Image-backed grounding data:
------------------------------------------------------------------------
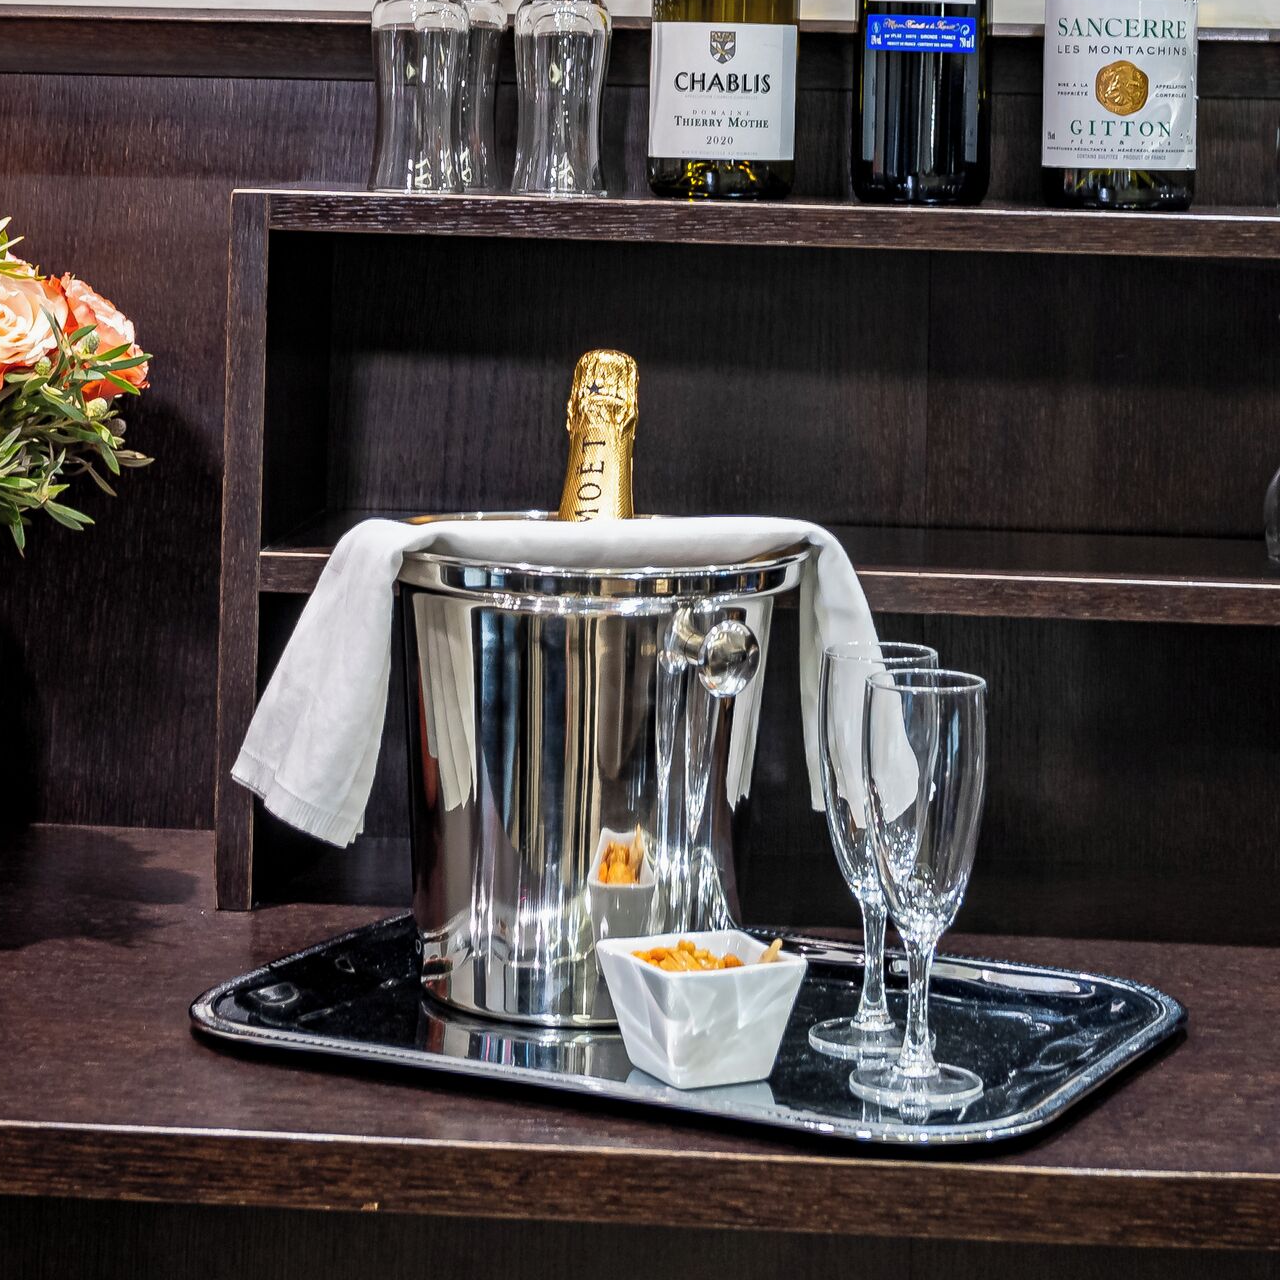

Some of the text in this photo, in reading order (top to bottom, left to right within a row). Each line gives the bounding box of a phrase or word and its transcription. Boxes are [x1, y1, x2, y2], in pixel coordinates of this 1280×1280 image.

[1057, 17, 1188, 40] SANCERRE
[1057, 44, 1188, 57] LES MONTACHINS
[673, 71, 771, 95] CHABLIS
[692, 109, 752, 117] DOMAINE
[1070, 119, 1172, 138] GITTON
[705, 135, 734, 146] 2020
------------------------------------------------------------------------
WHAT THE EXERCISE ASKS >>
Your copy should repeat each entry above exactly but contain no pictures.

RESPONSE >>
Some of the text in this photo, in reading order (top to bottom, left to right within a row). Each line gives the bounding box of a phrase or word and its transcription. Boxes are [x1, y1, x2, y2], in pixel coordinates of this 1280×1280 image.

[1057, 17, 1188, 40] SANCERRE
[1057, 44, 1188, 57] LES MONTACHINS
[673, 71, 771, 95] CHABLIS
[692, 109, 752, 117] DOMAINE
[1070, 119, 1172, 138] GITTON
[705, 135, 734, 146] 2020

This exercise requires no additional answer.